> [Available data]:
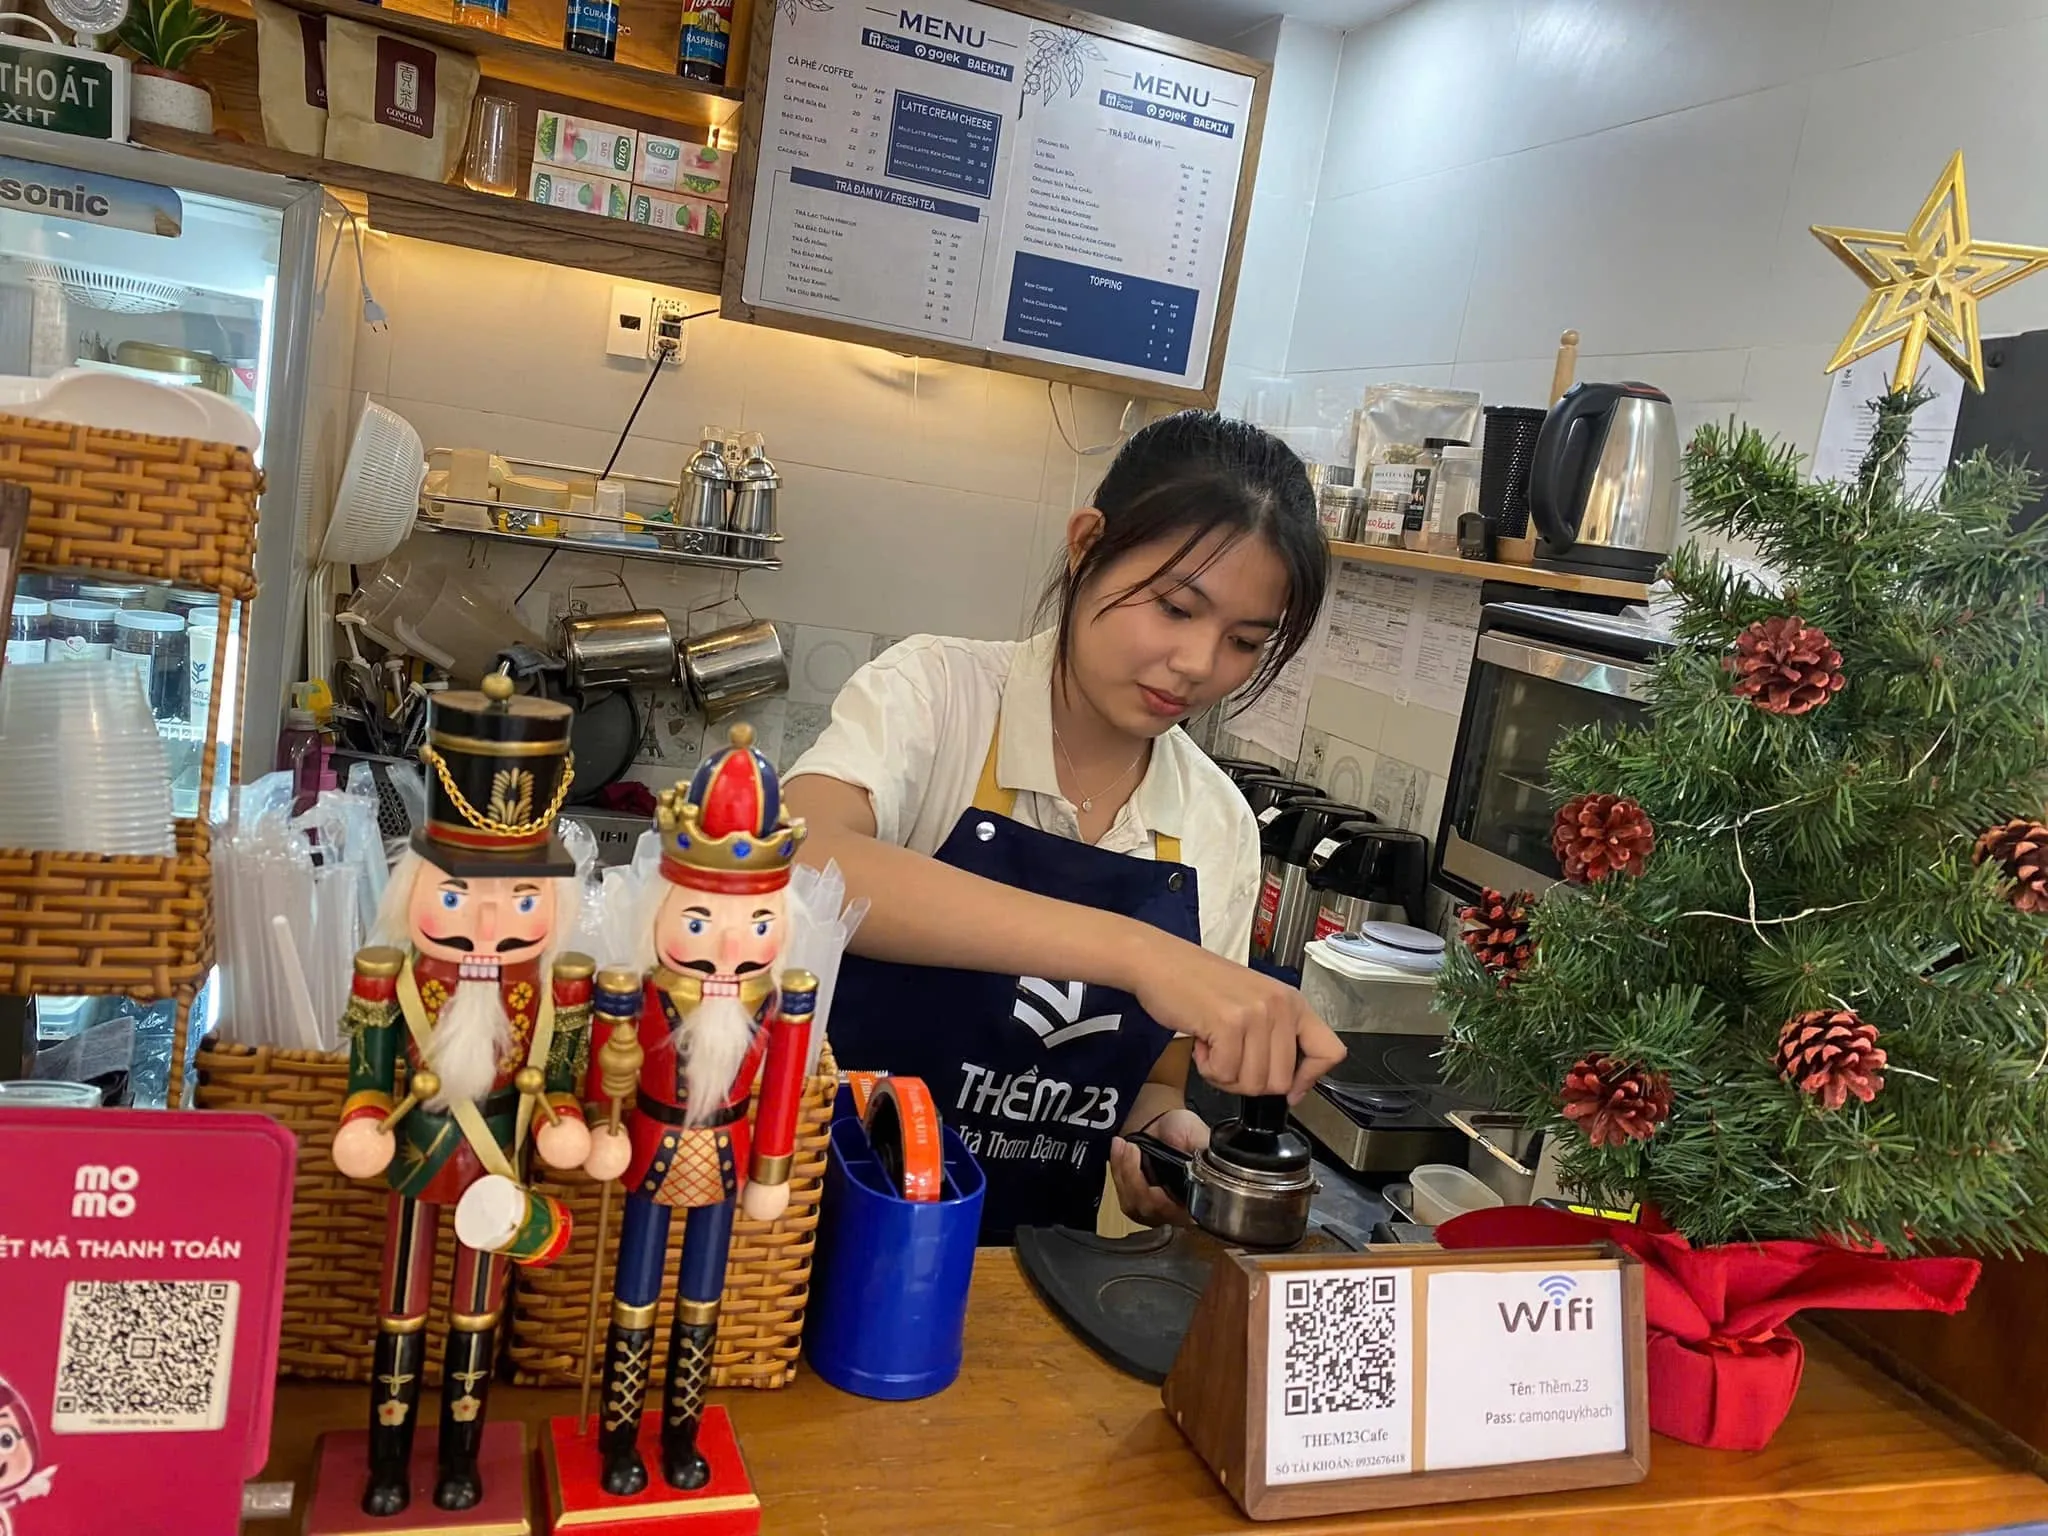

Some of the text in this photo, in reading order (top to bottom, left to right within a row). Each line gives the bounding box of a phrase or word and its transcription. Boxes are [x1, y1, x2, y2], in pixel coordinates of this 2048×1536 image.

[899, 9, 986, 49] MENU
[927, 48, 960, 64] gojek
[967, 58, 1007, 77] BAEMIN
[0, 62, 100, 109] THOÁT
[1134, 72, 1211, 107] MENU
[901, 99, 992, 131] LATTE CREAM CHEESE
[1158, 108, 1187, 122] gojek
[1192, 116, 1229, 134] BAEMIN
[614, 138, 631, 169] Cozy
[648, 143, 677, 159] Cozy
[0, 177, 110, 217] sonic
[835, 180, 852, 193] TRÀ
[890, 192, 919, 207] FRESH
[919, 198, 935, 211] TEA
[1090, 275, 1122, 291] TOPPING
[959, 1125, 982, 1155] Trà
[1071, 1139, 1090, 1170] Vị
[30, 1235, 71, 1259] MÃ
[76, 1239, 165, 1259] THANH
[171, 1235, 243, 1260] TOÁN
[1499, 1297, 1594, 1333] Wifi
[1509, 1382, 1537, 1396] Tên:
[1485, 1403, 1613, 1425] Pass: camonquykhach
[1302, 1428, 1390, 1449] THEM23Cafe

> [Aim of the exercise]:
Go through the listing above and write it all out exactly, leaving out any picture.

> [Solution to the problem]:
Some of the text in this photo, in reading order (top to bottom, left to right within a row). Each line gives the bounding box of a phrase or word and its transcription. Boxes are [x1, y1, x2, y2], in pixel coordinates of this 2048×1536 image.

[899, 9, 986, 49] MENU
[927, 48, 960, 64] gojek
[967, 58, 1007, 77] BAEMIN
[0, 62, 100, 109] THOÁT
[1134, 72, 1211, 107] MENU
[901, 99, 992, 131] LATTE CREAM CHEESE
[1158, 108, 1187, 122] gojek
[1192, 116, 1229, 134] BAEMIN
[614, 138, 631, 169] Cozy
[648, 143, 677, 159] Cozy
[0, 177, 110, 217] sonic
[835, 180, 852, 193] TRÀ
[890, 192, 919, 207] FRESH
[919, 198, 935, 211] TEA
[1090, 275, 1122, 291] TOPPING
[959, 1125, 982, 1155] Trà
[1071, 1139, 1090, 1170] Vị
[30, 1235, 71, 1259] MÃ
[76, 1239, 165, 1259] THANH
[171, 1235, 243, 1260] TOÁN
[1499, 1297, 1594, 1333] Wifi
[1509, 1382, 1537, 1396] Tên:
[1485, 1403, 1613, 1425] Pass: camonquykhach
[1302, 1428, 1390, 1449] THEM23Cafe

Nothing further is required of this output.